Das Auffinden von Unterschieden in der Gehirnkonnektivität kann bei der Autismusdiagnose hilfreich sein

Neue Forschungsergebnisse untersuchen unterschiedliche Unterschiede in der Gehirnkonnektivität, die Autismus-Spektrum-Störungen (ASD) zugrunde liegen können - und liefern möglicherweise dringend benötigte Biomarker, um die Identifizierung der Störung zu erleichtern.

Die Diagnose für ASD basiert immer noch auf dem Verhalten. Die Diagnose kann jedoch aufgrund verschiedener Faktoren länger dauern, darunter mangelnde Ressourcen und geschulte Kliniker. Dies verzögert die Autismusdiagnose im Durchschnitt bis zum Alter von 5 oder 6 Jahren.

"Innerhalb von ASD sind zwei wichtige Forschungsfragen: Wie können wir die Verzögerung der Diagnose minimieren und welche Art von Intervention können wir dem Kind geben?" sagte Rajesh Kana, Ph.D., außerordentlicher Professor für Psychologie am UAB College of Arts and Sciences.

„Unsere Ergebnisse beantworten in erster Linie die erste Frage.

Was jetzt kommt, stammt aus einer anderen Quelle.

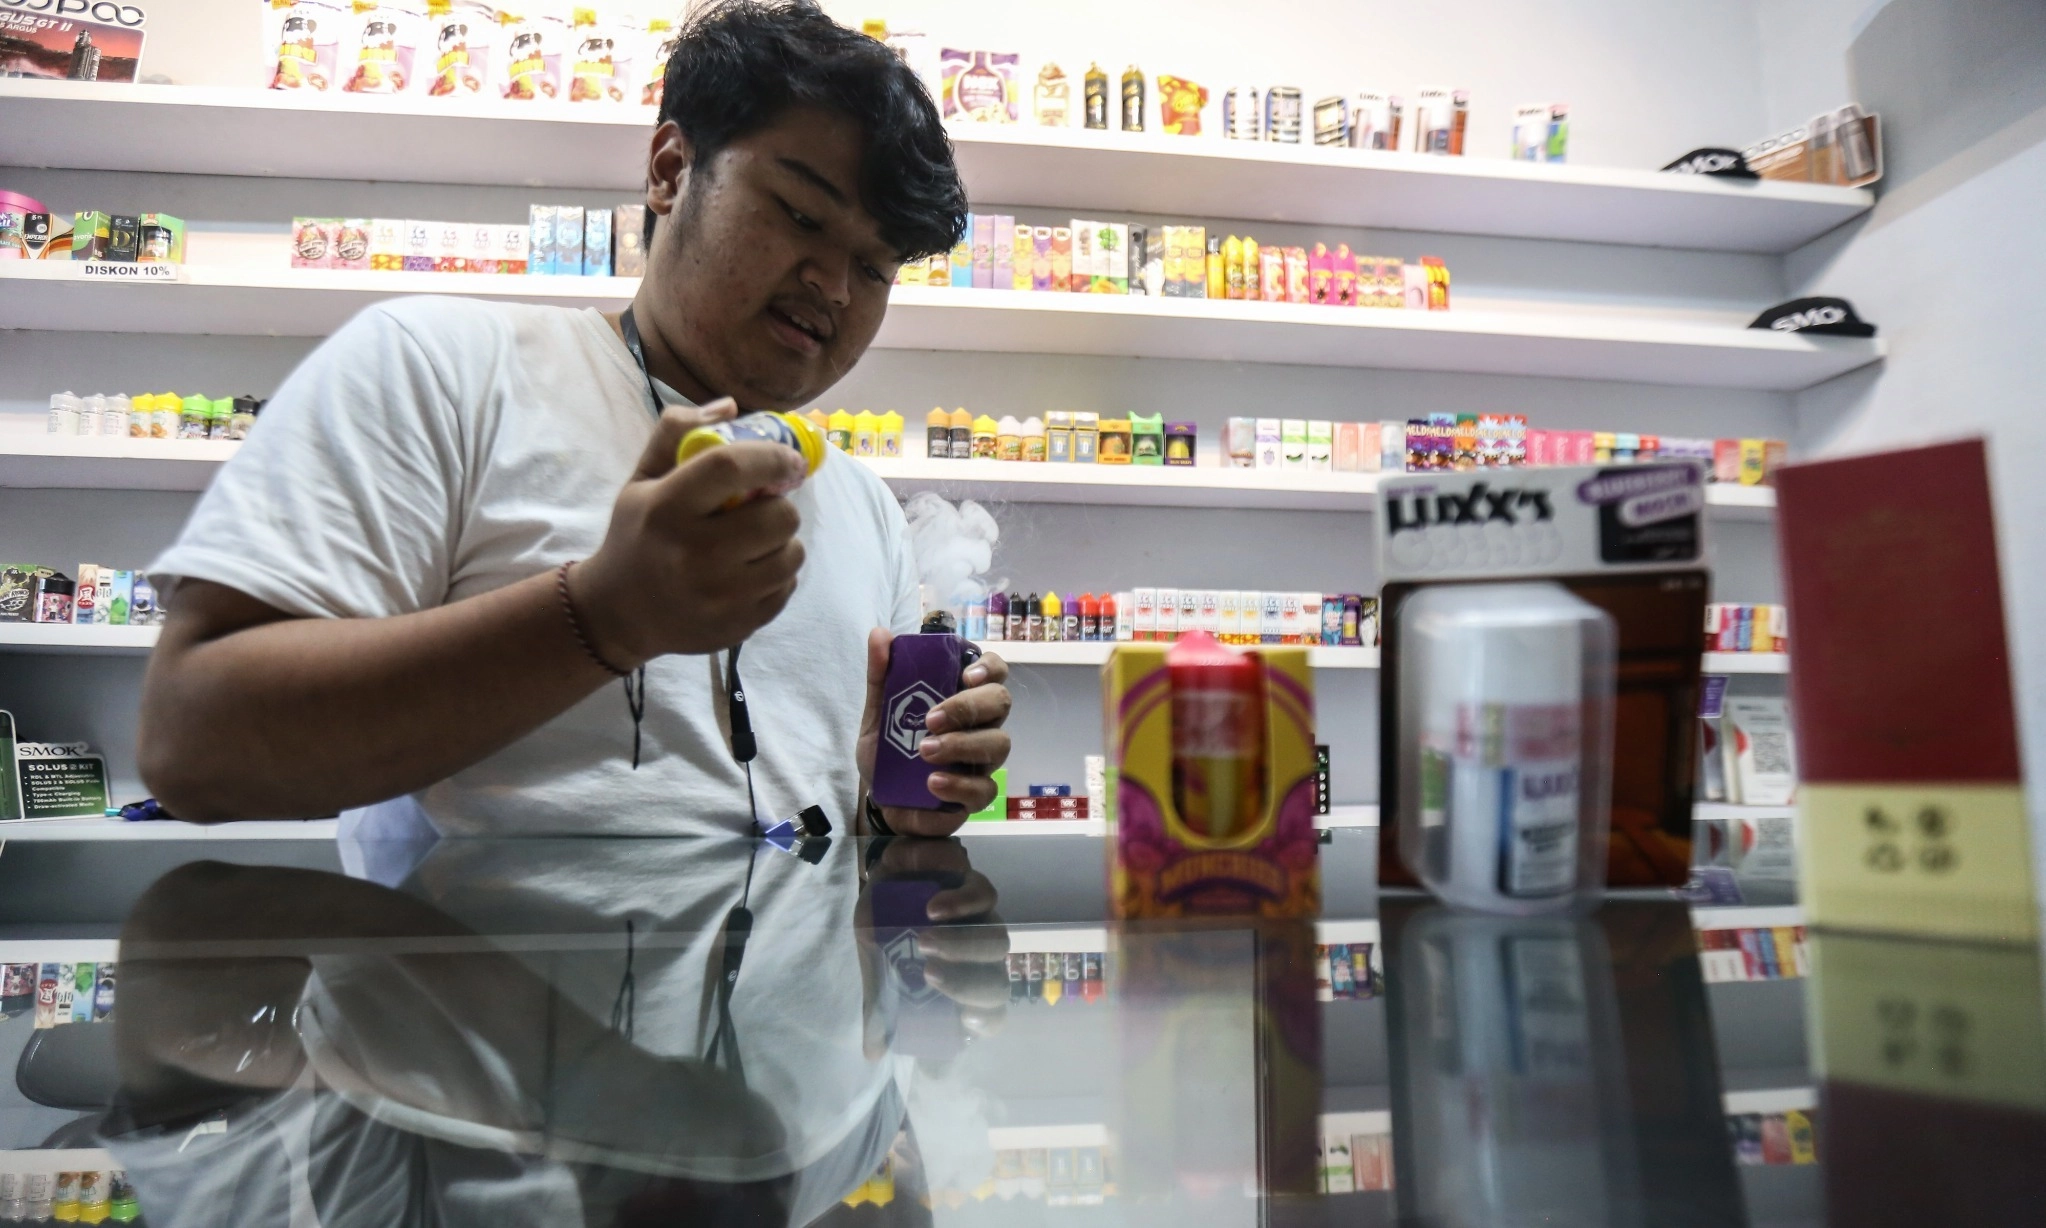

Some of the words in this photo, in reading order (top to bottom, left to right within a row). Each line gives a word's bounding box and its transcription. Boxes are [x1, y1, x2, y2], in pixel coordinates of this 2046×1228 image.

[85, 265, 139, 276] DISKON
[143, 265, 170, 276] 10%
[20, 746, 81, 757] SMOK
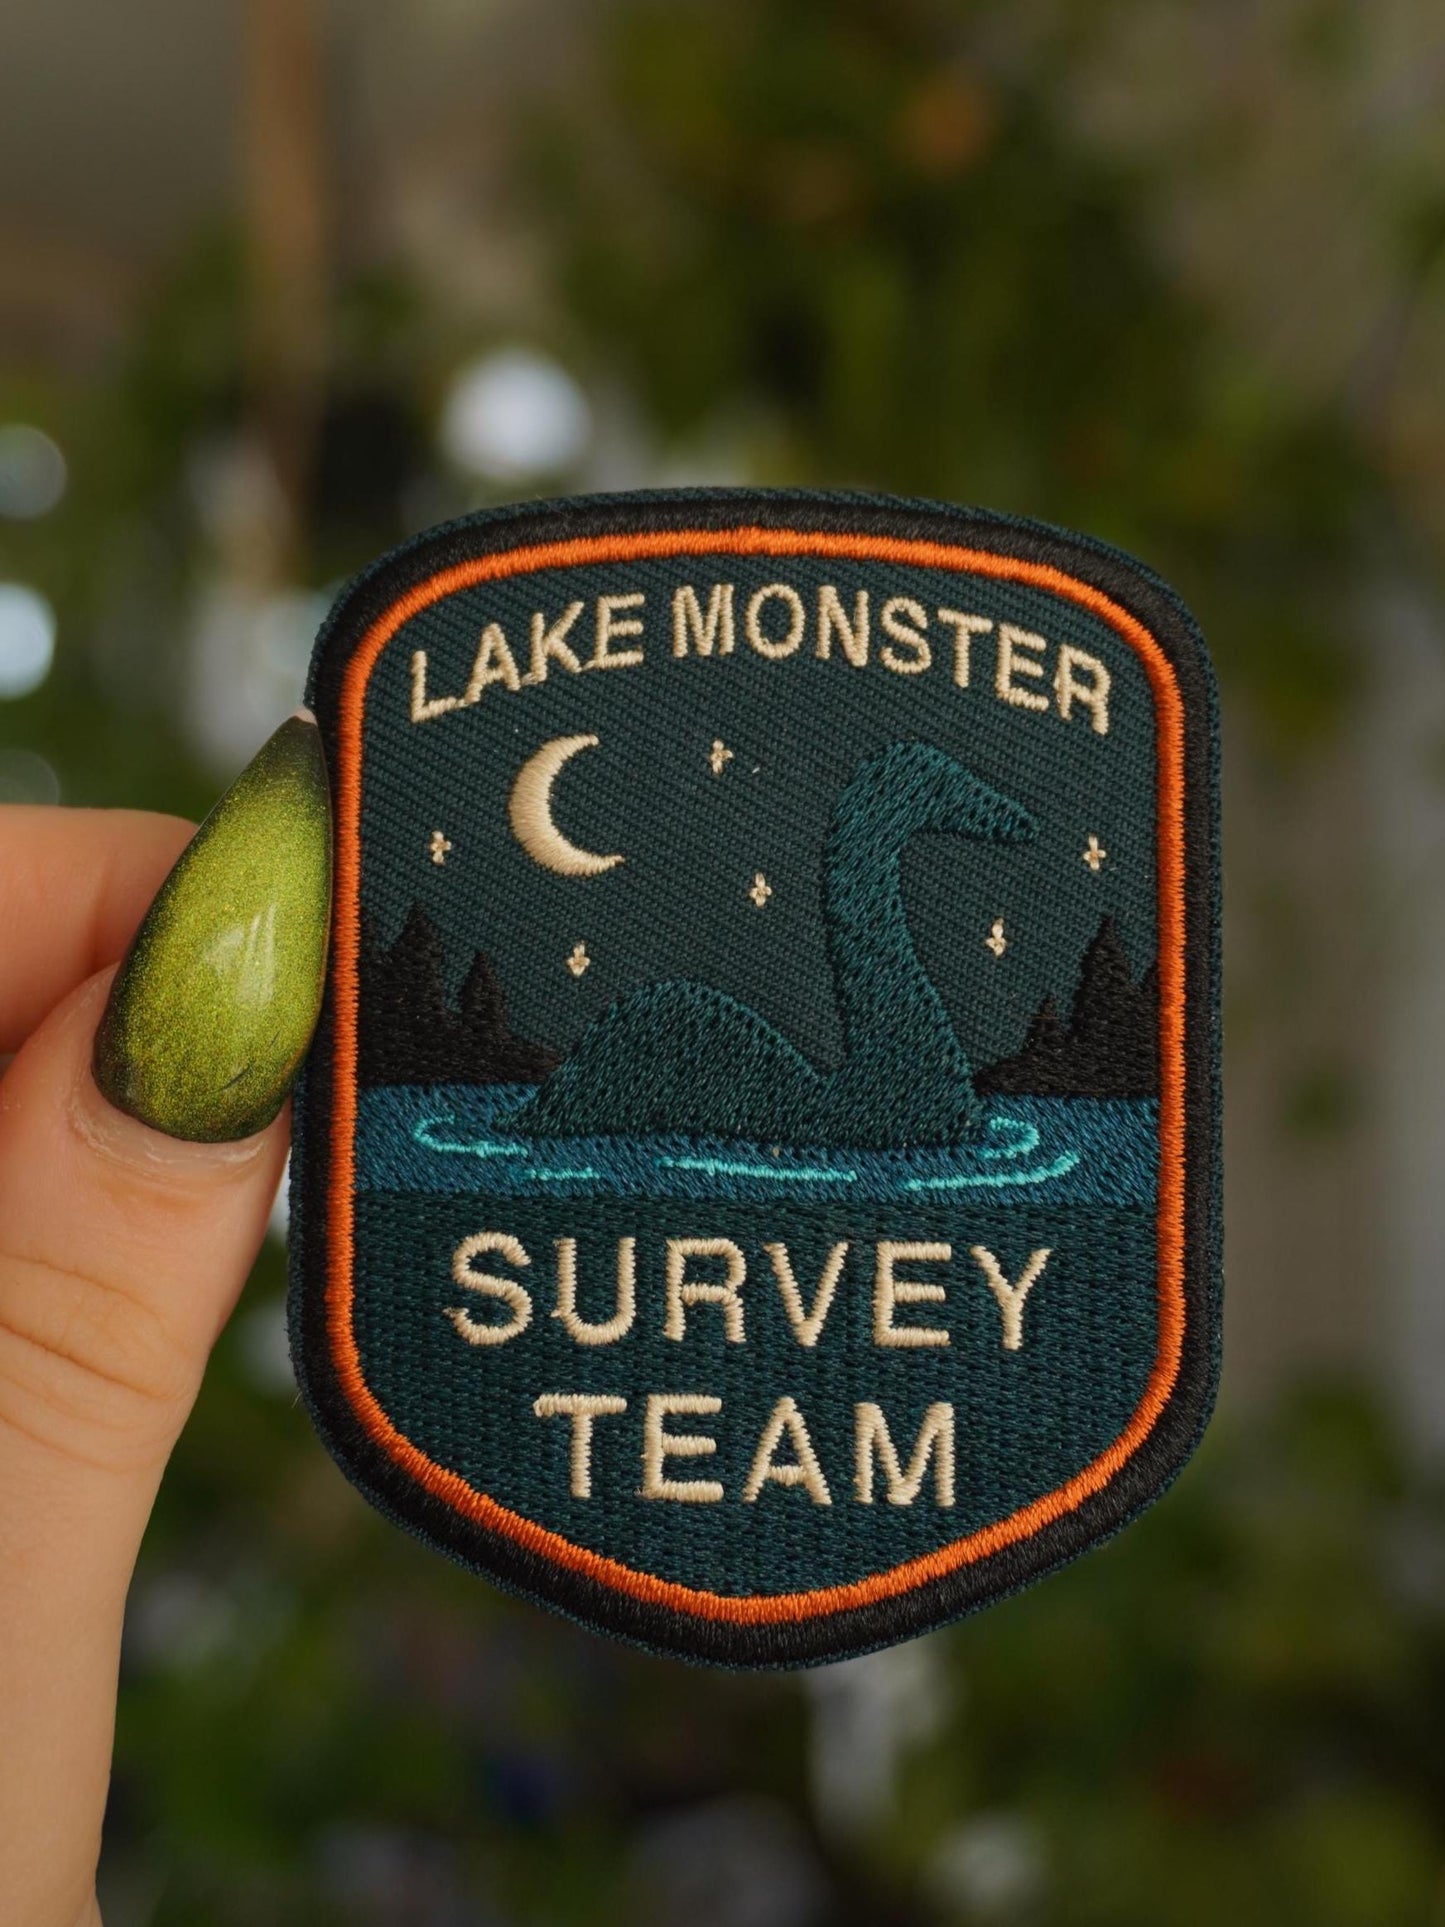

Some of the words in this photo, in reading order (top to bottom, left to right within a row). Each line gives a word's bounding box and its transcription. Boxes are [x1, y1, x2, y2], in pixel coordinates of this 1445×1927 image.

[411, 593, 645, 722] LAKE
[671, 583, 1112, 735] MONSTER
[449, 1232, 1051, 1350] SURVEY
[532, 1392, 956, 1507] TEAM
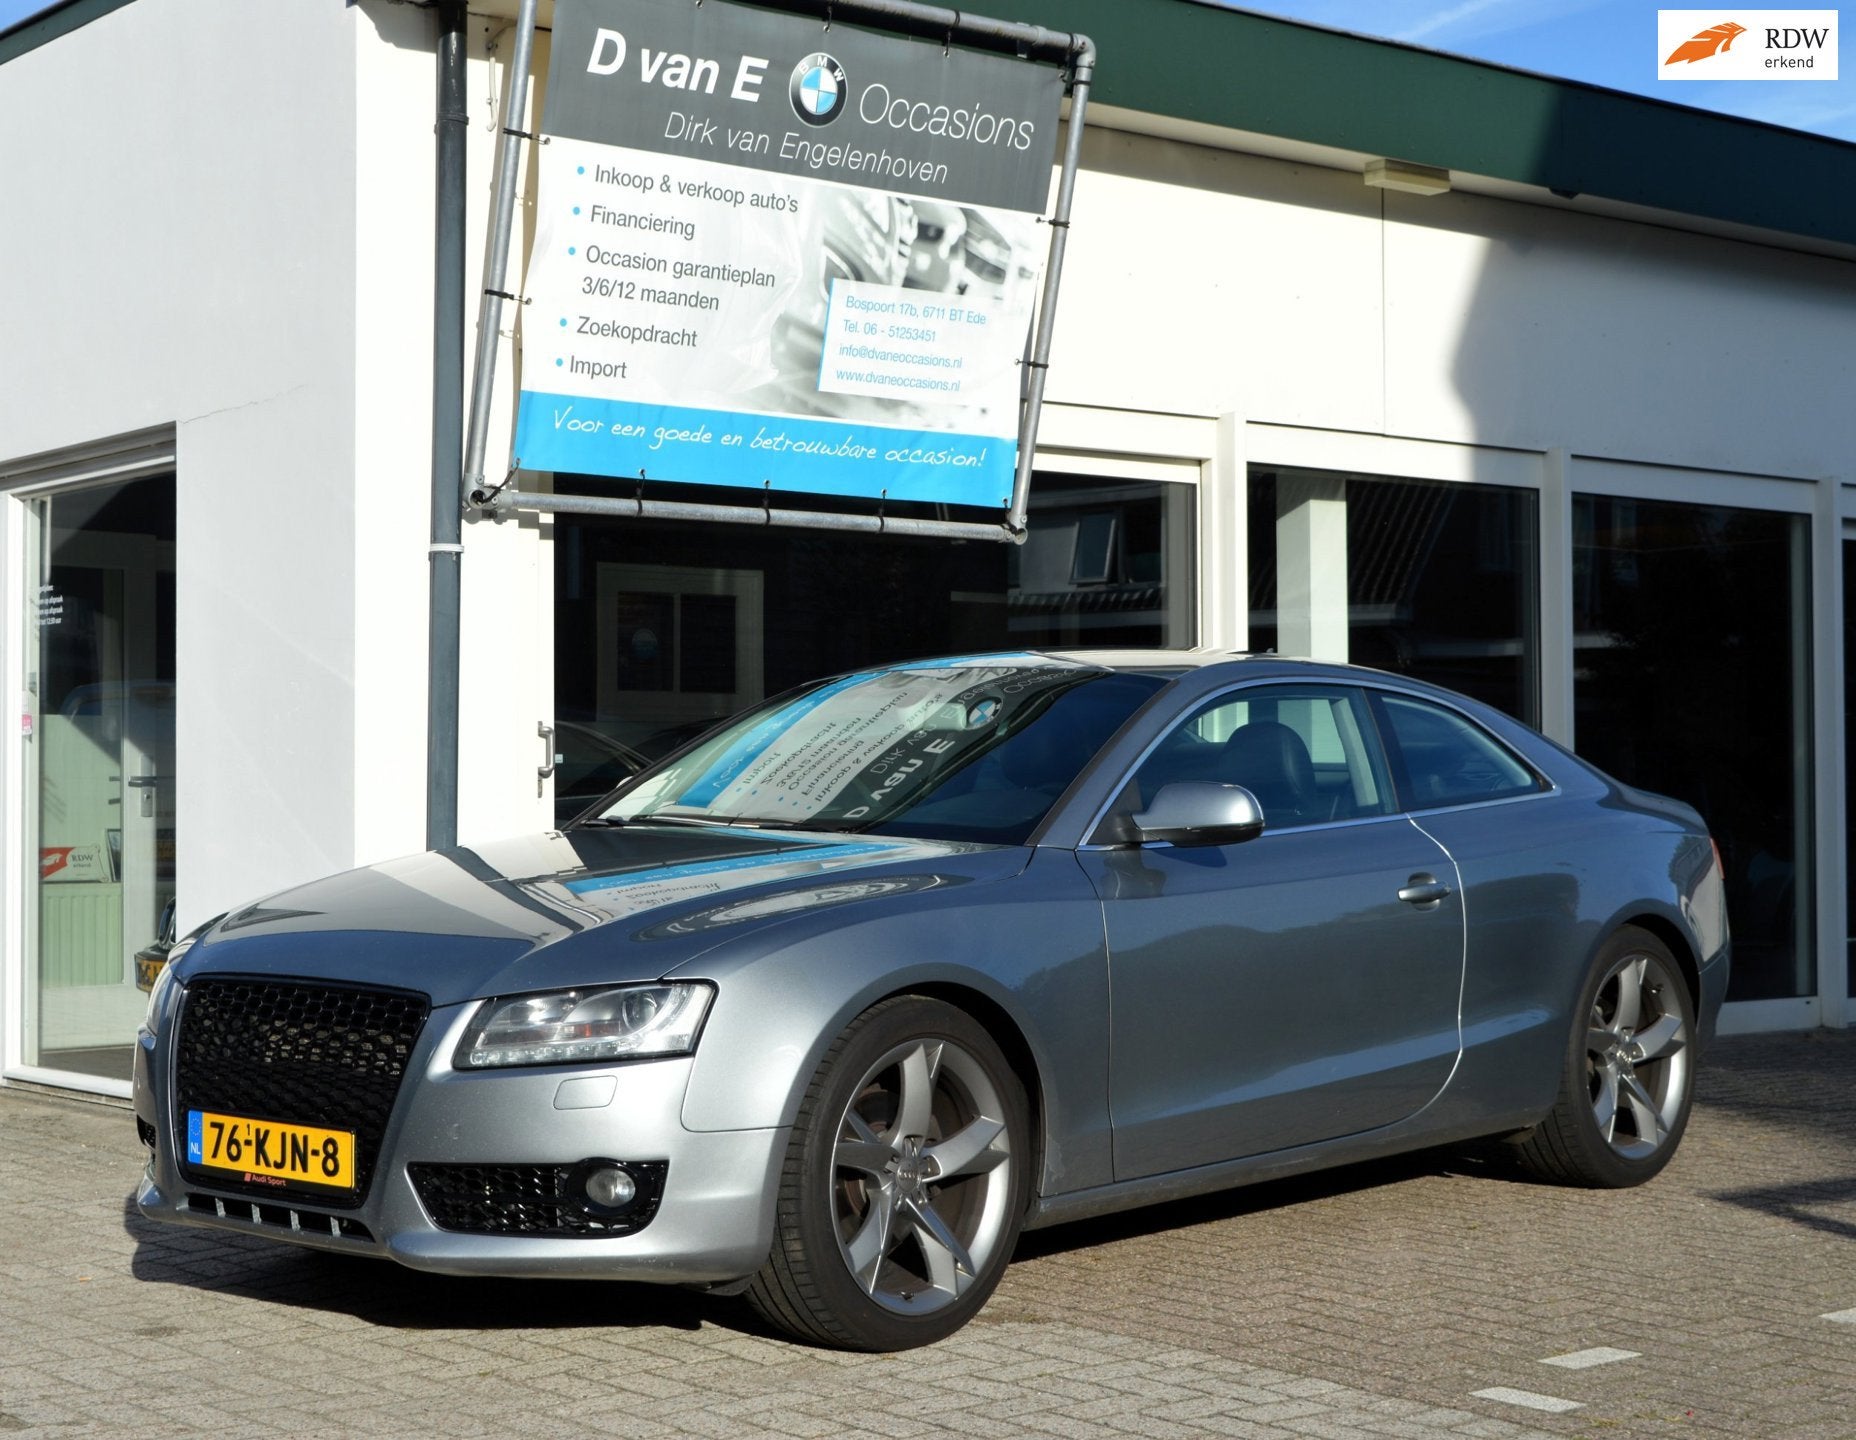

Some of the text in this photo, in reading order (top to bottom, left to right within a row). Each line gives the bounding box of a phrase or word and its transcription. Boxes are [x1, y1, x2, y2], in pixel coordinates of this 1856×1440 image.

[586, 27, 770, 103] D van E
[859, 82, 1035, 151] Occasions
[664, 111, 949, 184] Dirk van Engelenhoven
[594, 164, 799, 213] Inkoop & verkoop auto's
[590, 204, 696, 241] Financiering
[586, 244, 776, 288] Occasion garantieplan
[581, 276, 720, 311] 3/6/12 maanden
[845, 295, 987, 326] Bospoort 17b, 6711 BT Ede
[576, 315, 698, 347] Zoekopdracht
[843, 319, 860, 334] Tel.
[864, 322, 878, 336] 06
[888, 325, 937, 343] 51253451
[569, 355, 627, 380] Import
[839, 343, 963, 369] info@dvaneoccasions.nl
[836, 369, 961, 392] www.dvaneoccasions.nl
[552, 407, 988, 469] Voor een goede en betrouwbare occasion!
[71, 854, 94, 862] RDW
[190, 1142, 201, 1155] NL
[210, 1121, 340, 1178] 76-KJN-8
[252, 1172, 287, 1187] Audi Sport

Wenn die Studienergebnisse jedoch viele Male für die externe Validität repliziert werden können, können sie auch verwendet werden, um Antworten auf die letztere Frage zu finden. “

Die Studie erscheint online in Autismusforschung, ein von Experten begutachtetes medizinisches Journal zur Kinder- und Jugendpsychiatrie.

Mit Hilfe der funktionellen Magnetresonanztomographie (fMRT) untersuchten der Postdoktorand Omar Maximo, Ph.D., und Kana 306 Personen im Alter von 8 bis 39 Jahren, davon 138 Personen in der ASD-Gruppe und 168 Personen in der sich typischerweise entwickelnden Gruppe.

Sie untersuchten die funktionelle Konnektivität, die sich auf die Synchronisation der Aktivität über verschiedene Gehirnregionen in zwei Arten von Netzwerken, unimodal und supramodal, in Bereichen des Gehirns unterhalb der Großhirnrinde bezieht. Die subkortikalen Bereiche enthalten Strukturen, die Eingaben von und zu Kortex und Sinnesorganen erhalten und eine große Rolle bei kognitiven und sozialen Funktionen spielen.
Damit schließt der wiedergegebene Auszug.